Task instructions: Transcribe every entry word for word, leaving out all images.

*** Excerpted records Section Begins ***

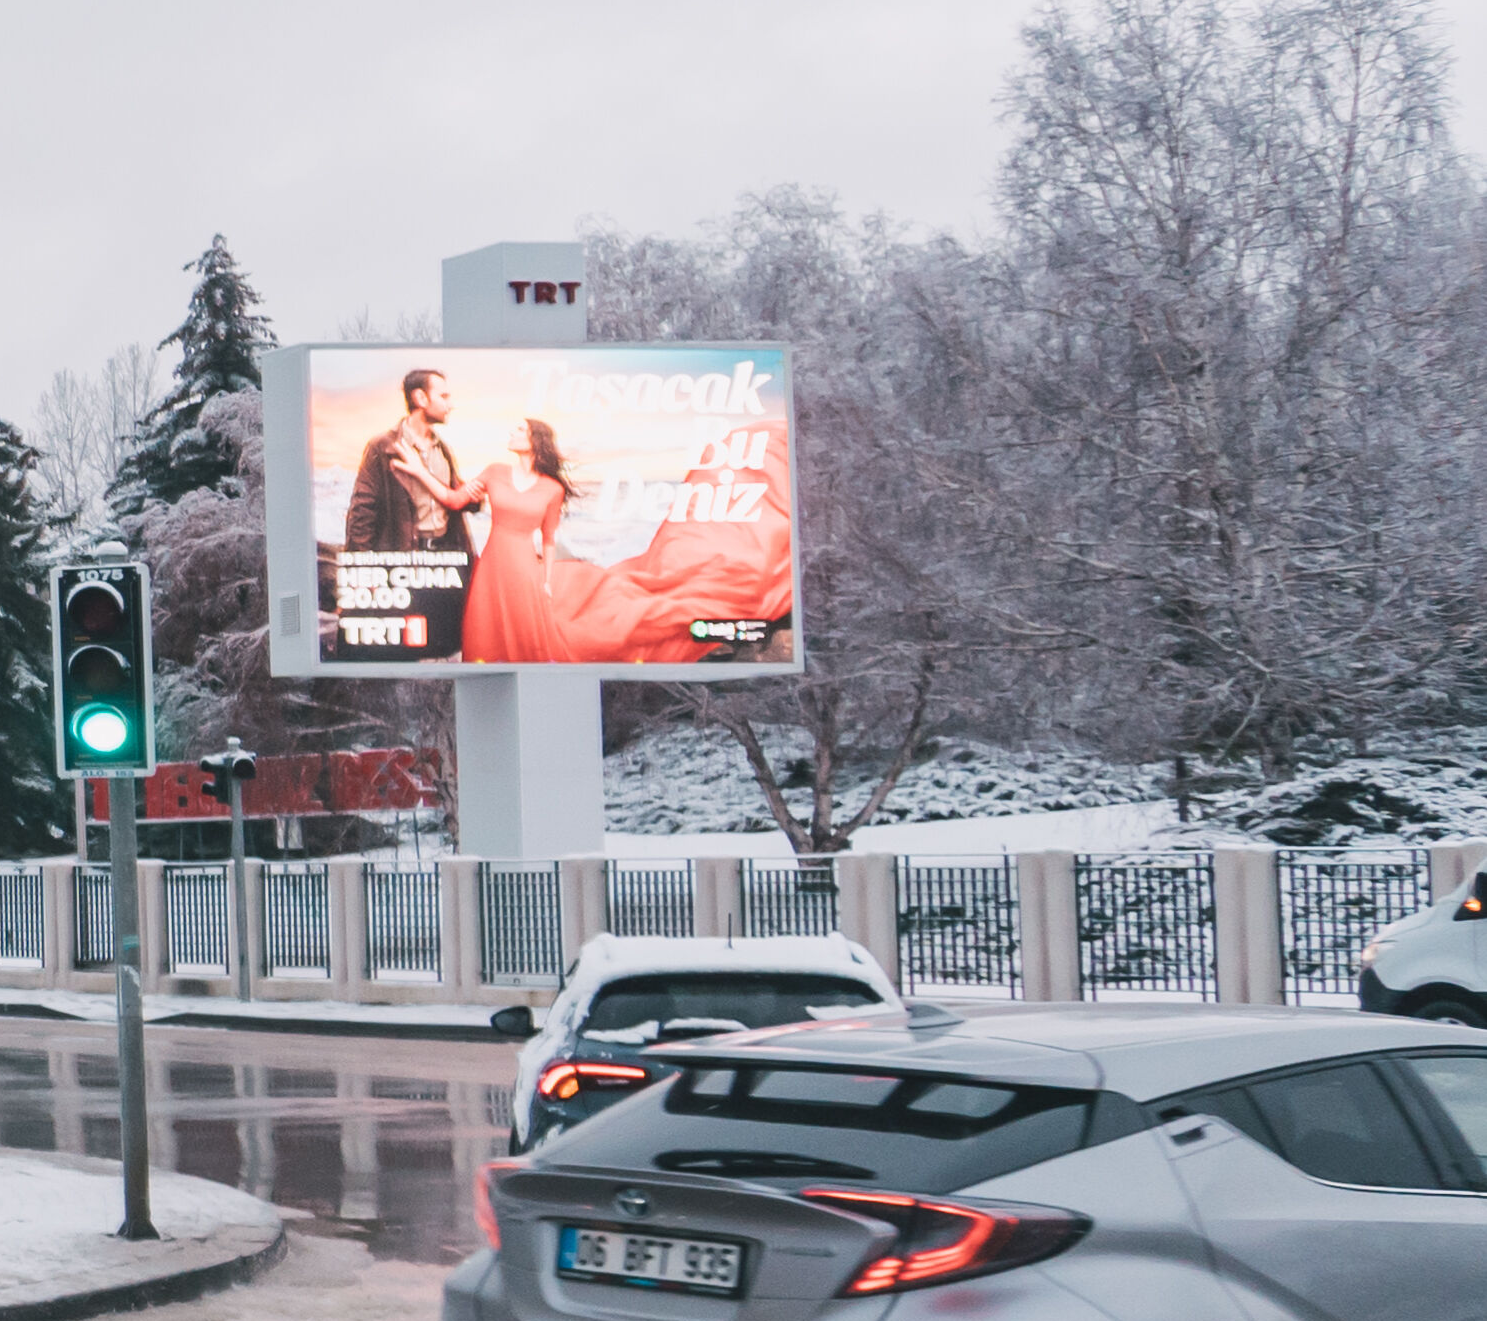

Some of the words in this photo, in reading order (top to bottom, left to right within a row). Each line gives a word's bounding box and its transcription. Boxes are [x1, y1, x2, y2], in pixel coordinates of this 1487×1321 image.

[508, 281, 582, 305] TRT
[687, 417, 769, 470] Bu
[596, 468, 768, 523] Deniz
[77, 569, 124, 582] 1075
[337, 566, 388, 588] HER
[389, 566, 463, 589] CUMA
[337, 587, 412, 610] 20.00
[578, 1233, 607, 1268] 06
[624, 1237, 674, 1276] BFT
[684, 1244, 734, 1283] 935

*** Excerpted records Section Ends ***

Answer to the exercise:
Some of the words in this photo, in reading order (top to bottom, left to right within a row). Each line gives a word's bounding box and its transcription. Boxes are [x1, y1, x2, y2], in pixel coordinates of this 1487×1321 image.

[508, 281, 582, 305] TRT
[687, 417, 769, 470] Bu
[596, 468, 768, 523] Deniz
[77, 569, 124, 582] 1075
[337, 566, 388, 588] HER
[389, 566, 463, 589] CUMA
[337, 587, 412, 610] 20.00
[578, 1233, 607, 1268] 06
[624, 1237, 674, 1276] BFT
[684, 1244, 734, 1283] 935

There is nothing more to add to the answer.